Через два года после цитированного очерка Мерло-Понти литературный и художественный критик Р. Барт опубликовал эссе "Нулевая степень письма" ("Le degre zero de l'ecriture"), которая стала первой работой по семиотике во Франции. Рассматривая различные языки художественной литературы — язык классицизма, язык романтизма, язык критического реализма, а также языки политики (он называет каждый такой язык "письмом"), Барт основывался на тех же идеях, что и Мерло-Понти, и многие его термины — те же самые.
Согласно Барту, идеологическое единство буржуазии привело к возникновению единого письма — классического и романтического.
Но вот около 1850 г., после поражения революции 1848 г., происходит перелом, "писатель перестал быть выразителем универсальной истины и превратился в носителя несчастного сознания... Так вдребезги разлетелось классическое письмо, и вся (французская. — Ю.С.) Литература — от Флобера до наших дней — превратилась в одну сплошную проблематику слова" [Барт 1983, 307]. «Литература воспринимается213
отныне не в качестве социально привилегированного способа общения, но в качестве оплотненного, углубленного слова, исполненного таинственности, ее ощущают как грезу и как угрозу одновременно.

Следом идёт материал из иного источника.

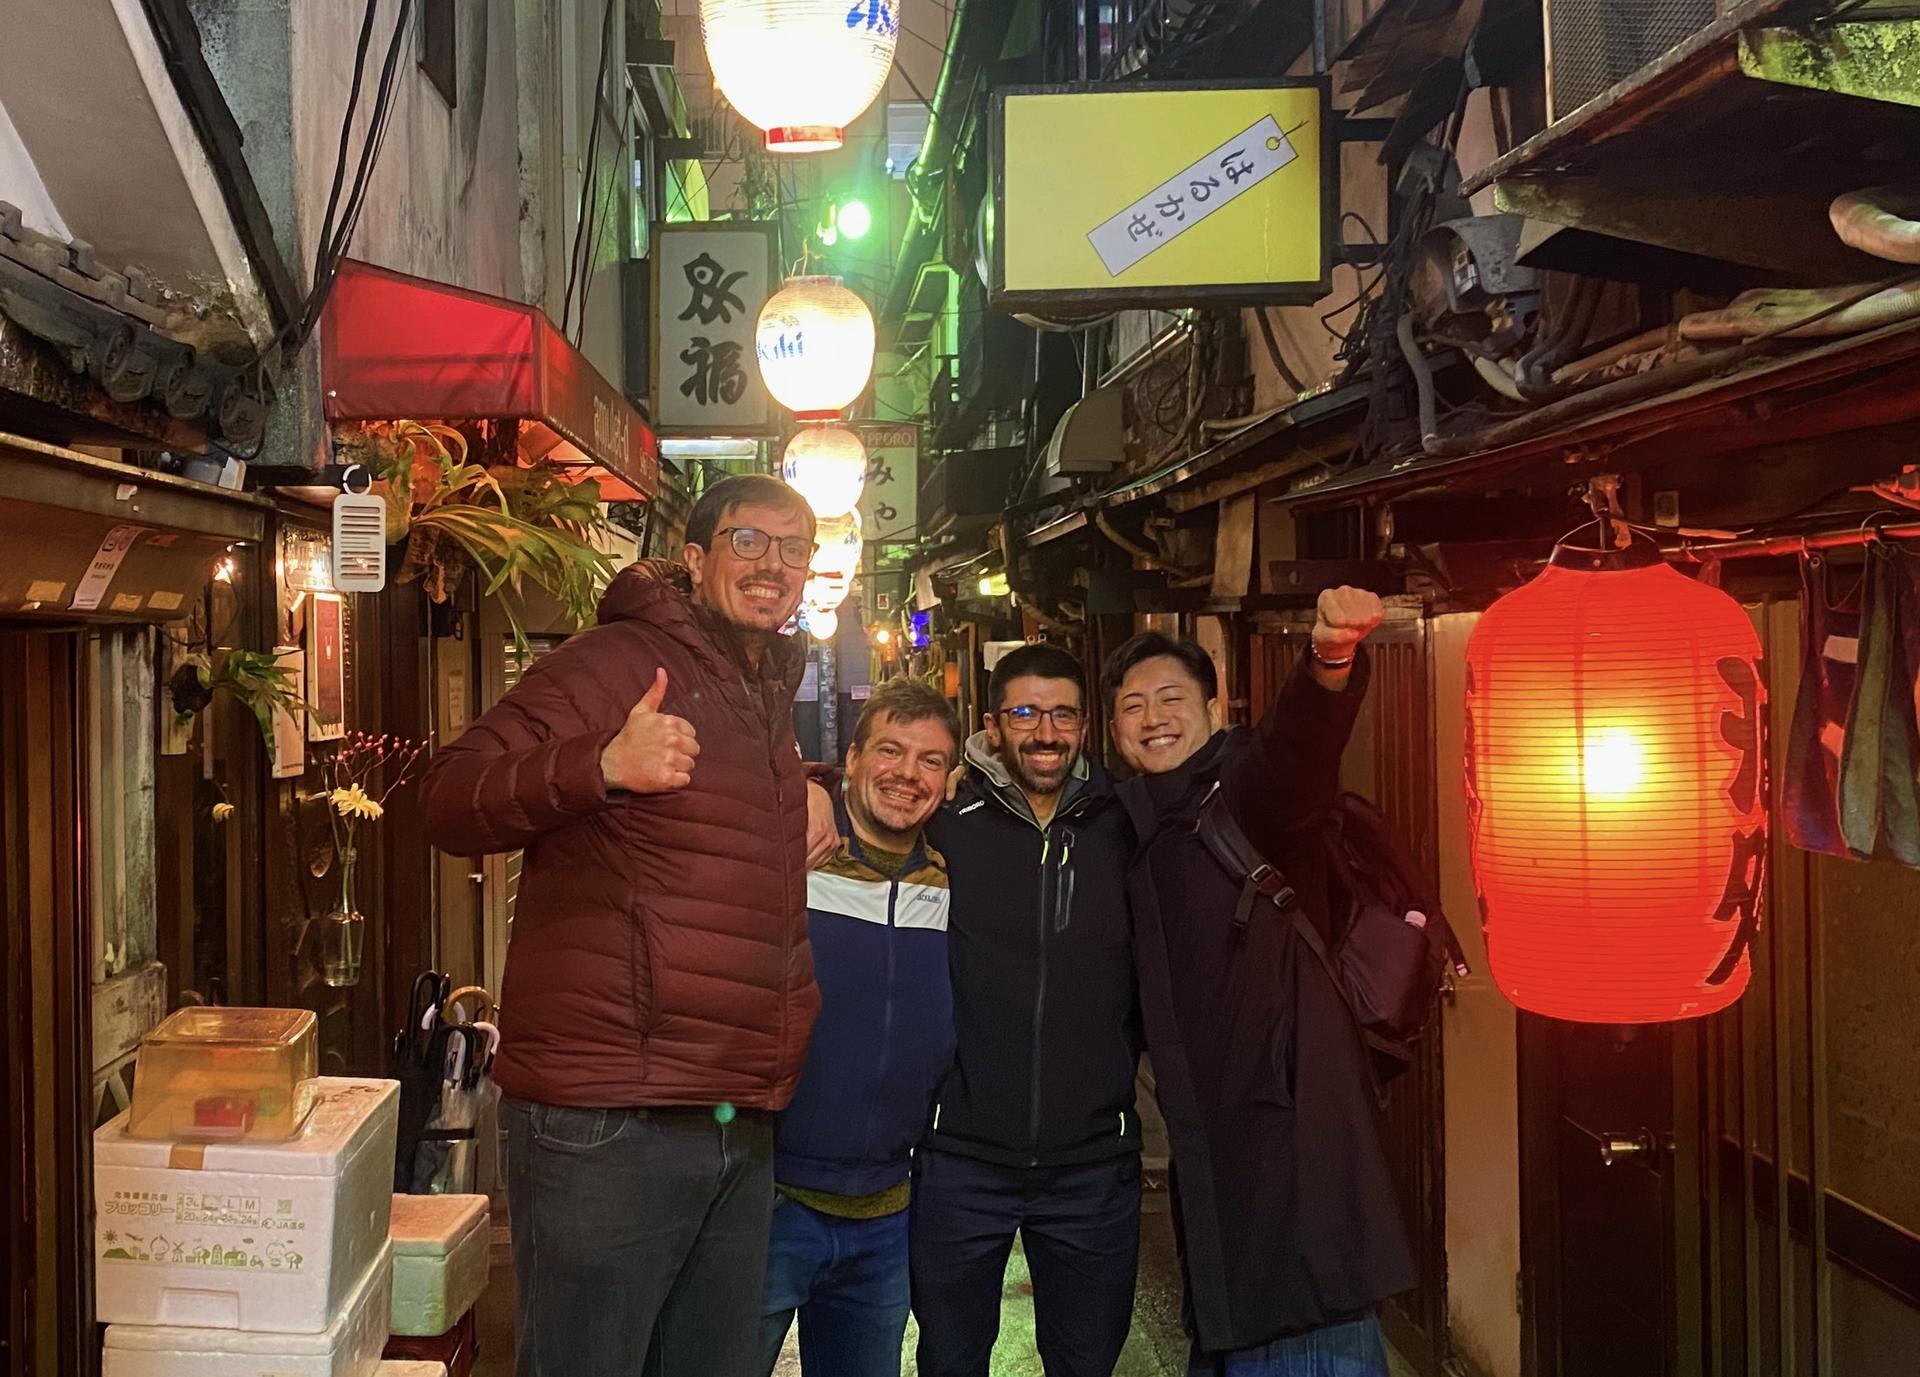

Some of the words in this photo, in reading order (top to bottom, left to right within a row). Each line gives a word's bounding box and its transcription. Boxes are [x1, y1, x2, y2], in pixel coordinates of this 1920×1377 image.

[1127, 148, 1254, 242] はるかぜ
[245, 1200, 255, 1210] M
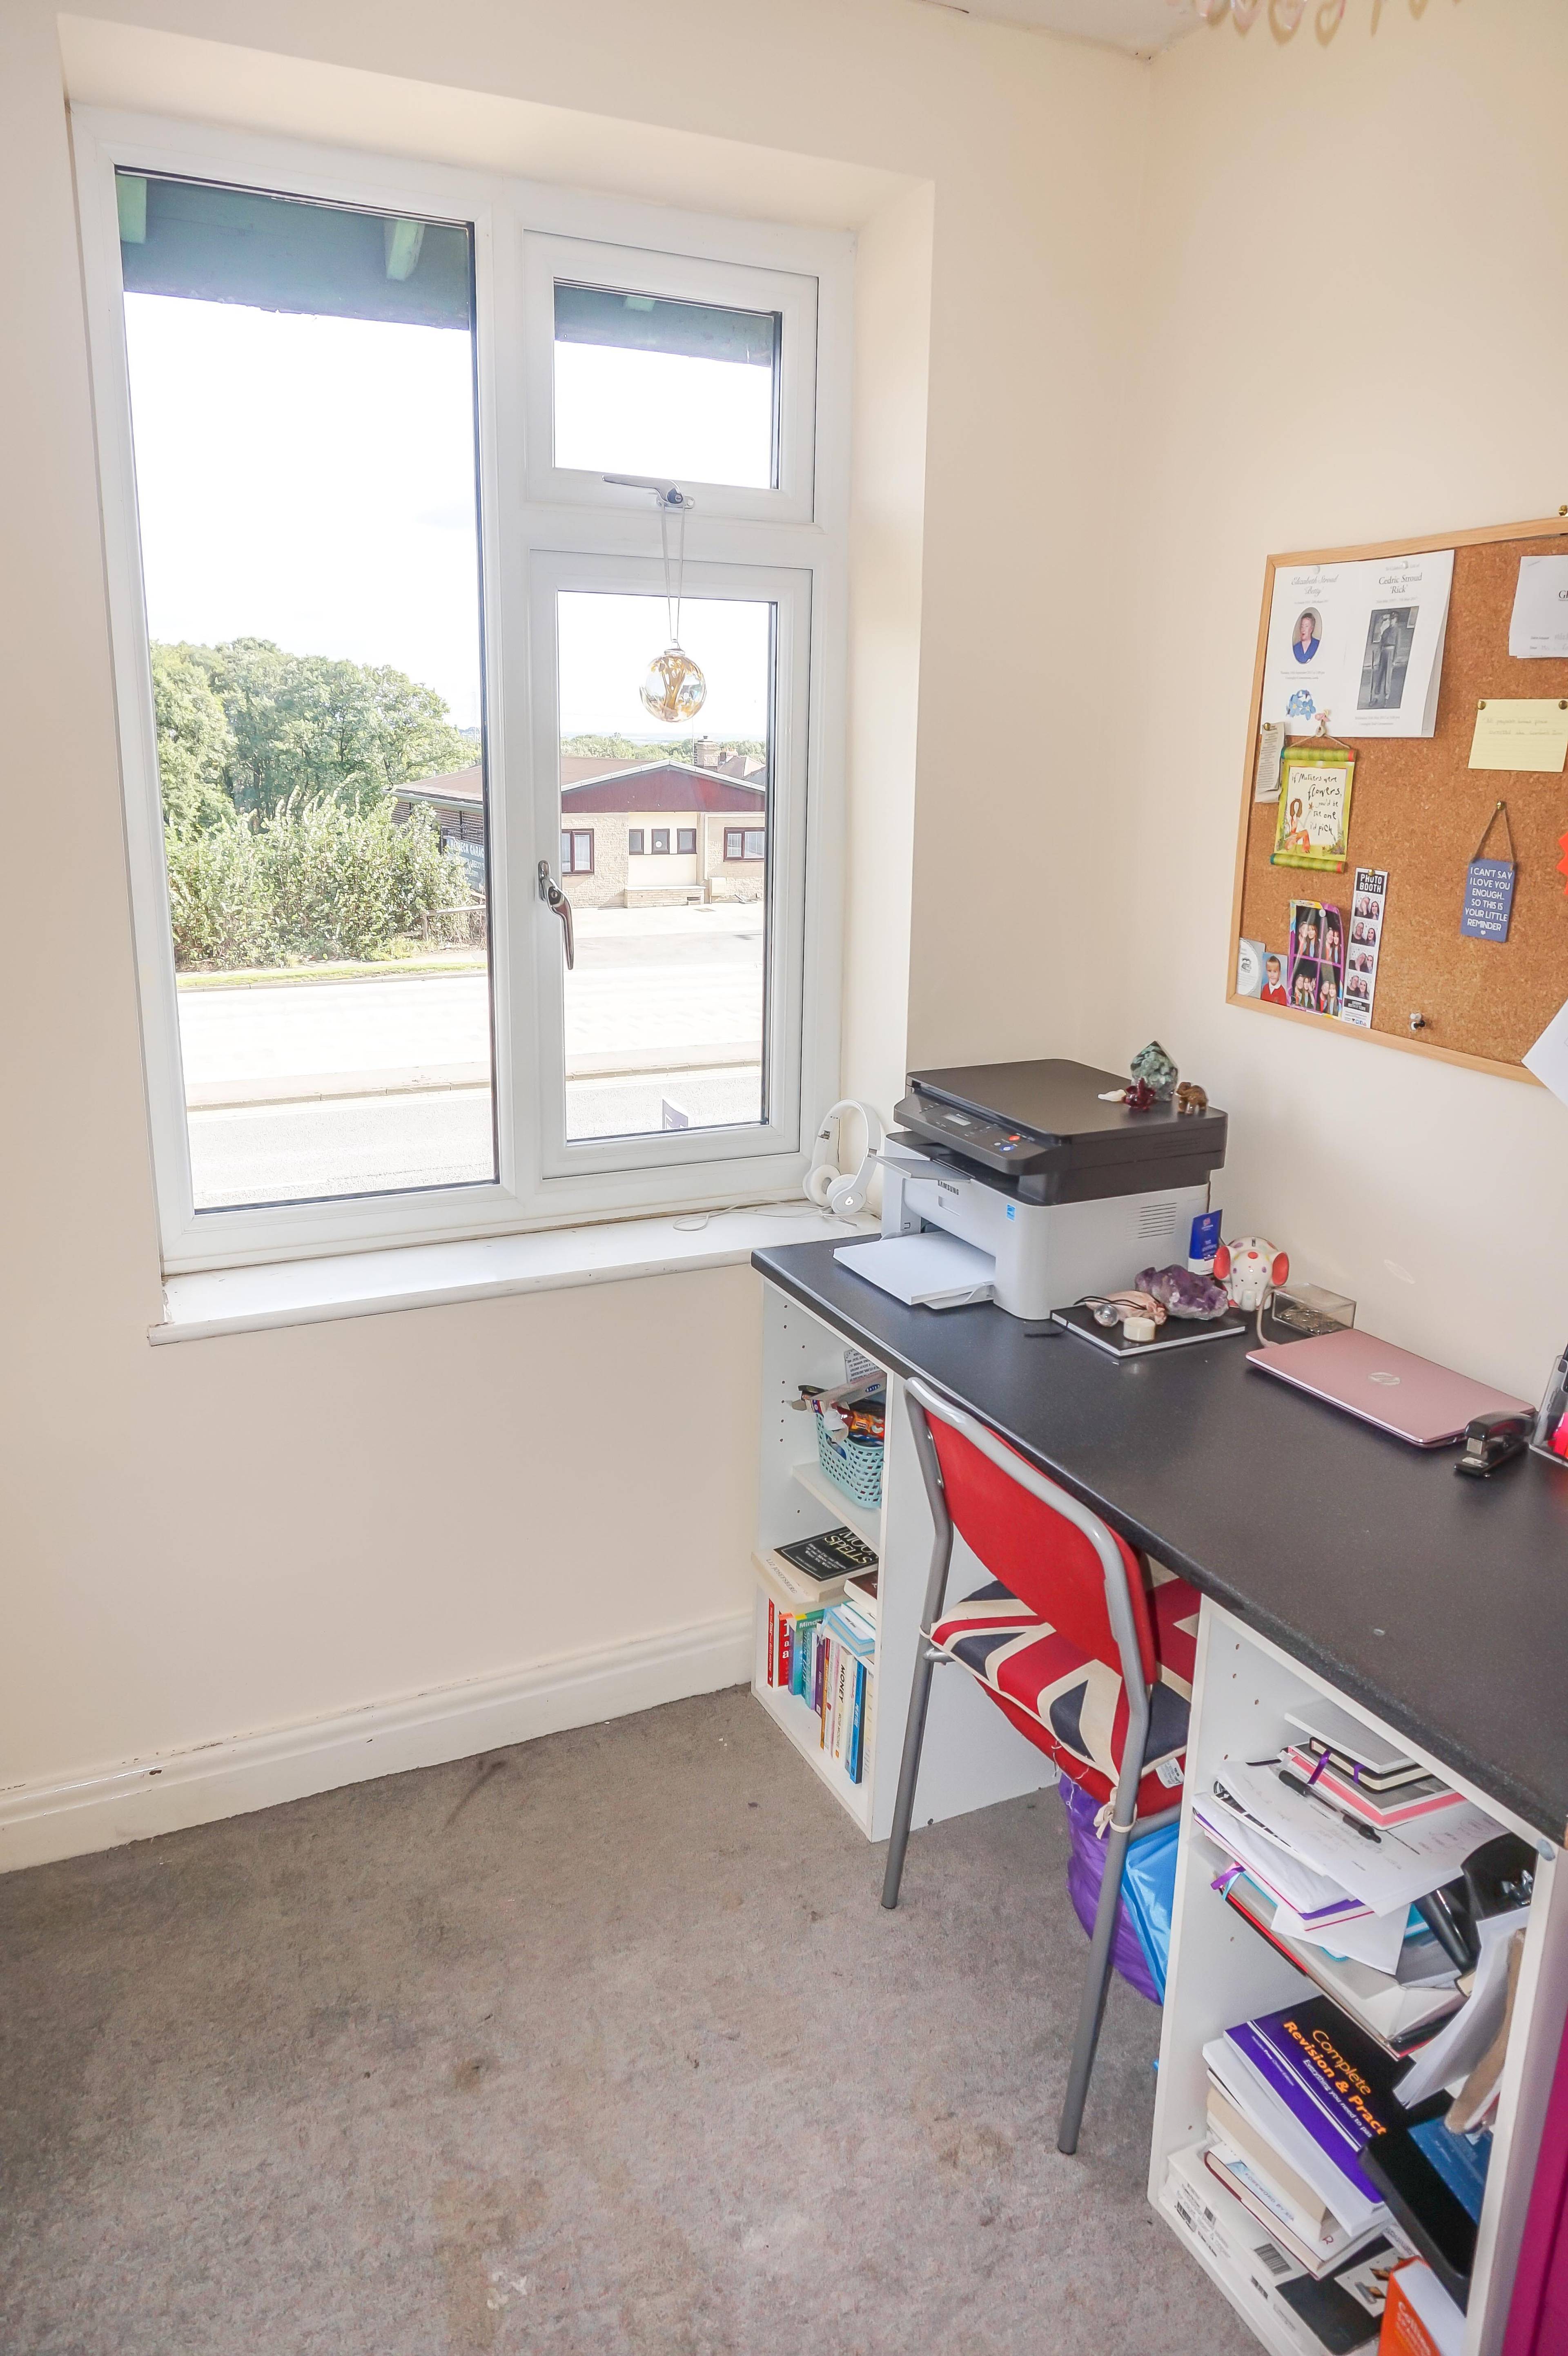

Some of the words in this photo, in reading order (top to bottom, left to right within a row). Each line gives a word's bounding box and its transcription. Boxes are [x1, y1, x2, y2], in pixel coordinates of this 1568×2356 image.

[1379, 576, 1400, 585] Cedric
[1401, 572, 1422, 582] Stroud
[1324, 811, 1336, 820] one
[470, 844, 485, 858] GARAG
[1361, 874, 1382, 884] PHOTO
[1497, 871, 1512, 879] SAY
[1360, 882, 1381, 893] BOOTH
[1473, 878, 1494, 888] LOVE
[1495, 881, 1510, 890] YOU
[1471, 898, 1481, 906] SO
[1483, 900, 1497, 910] THIS
[1465, 907, 1484, 918] YOUR
[1486, 911, 1508, 922] LITTLE
[1467, 918, 1502, 931] REMINDER
[938, 1180, 959, 1195] SAMSUNG
[824, 1536, 872, 1564] SPELLS
[839, 1531, 873, 1555] MOO
[1313, 2029, 1371, 2095] Complete
[1283, 2021, 1335, 2078] Revision
[1335, 2080, 1350, 2094] &
[1348, 2095, 1387, 2135] Pract
[1303, 2059, 1330, 2092] Everything
[1329, 2091, 1341, 2103] you
[1341, 2102, 1355, 2118] need
[1354, 2117, 1362, 2126] to
[1360, 2126, 1372, 2138] pas
[1245, 2173, 1276, 2203] FOREWORD

...Весь девятнадцатый век был свидетелем этого драматического процесса отвердения формы (ср. понятие „осадка" у Мерло-Понти. — Ю.С.). У Шатобриана это еще лишь незна-чительное отложение (то же понятие. — Ю.С.), почти невесомый груз языковой эйфории, своего рода нарциссизм, когда письмо еще только едва заметно отвлеклось от своего инструментального назначения и принялось вглядываться в свой собственный лик. Флобер (мы указываем здесь лишь на наиболее характерные моменты названного процесса), создавший рабочую стоимость письма, окончательно превратил Литературу в объект: форма стала конечным продуктом „производства", подобно горшку или ювелирному изделию (это значит, что сам акт производства был „означен", иными словами, впервые превращен в зрелище и внедрен в сознание зрителей). И наконец, этот процесс конструирования Литературы-Объекта Малларме увенчал последним актом, завершающим всякую объективацию, — убийством: известно, что все усилия Малларме были направлены на разрушение слова, как бы трупом которого должна была стать Литература» (перевод Г.К. Косикова) [там же, с. 308].
Один из разделов книги Барта, "Письмо и молчание", под тем же названием "молчание", что и у Мерло-Понти, трактует вопрос о разрушении традиционного литературного языка у писателей-модернистов, таких, как Рембо и Малларме (и, прибавим мы, как Хлебников).
Дальнейшие перипетии этих идей, как удачи, так и крушения, довольно широко обсуждались и обсуждаются в нашей литературе, к которой мы и отсылаем читателя [прежде всего к кн.: Семиотика 1983, где опубликован в переводе и названный очерк Р. Барта].
Нам важно здесь подчеркнуть, что упомянутые выше идеи переключили внимание философов языка с языка науки и обыденной жизни на язык художественной литературы. Эти идеи требовали естественного развития в сфере поэтики.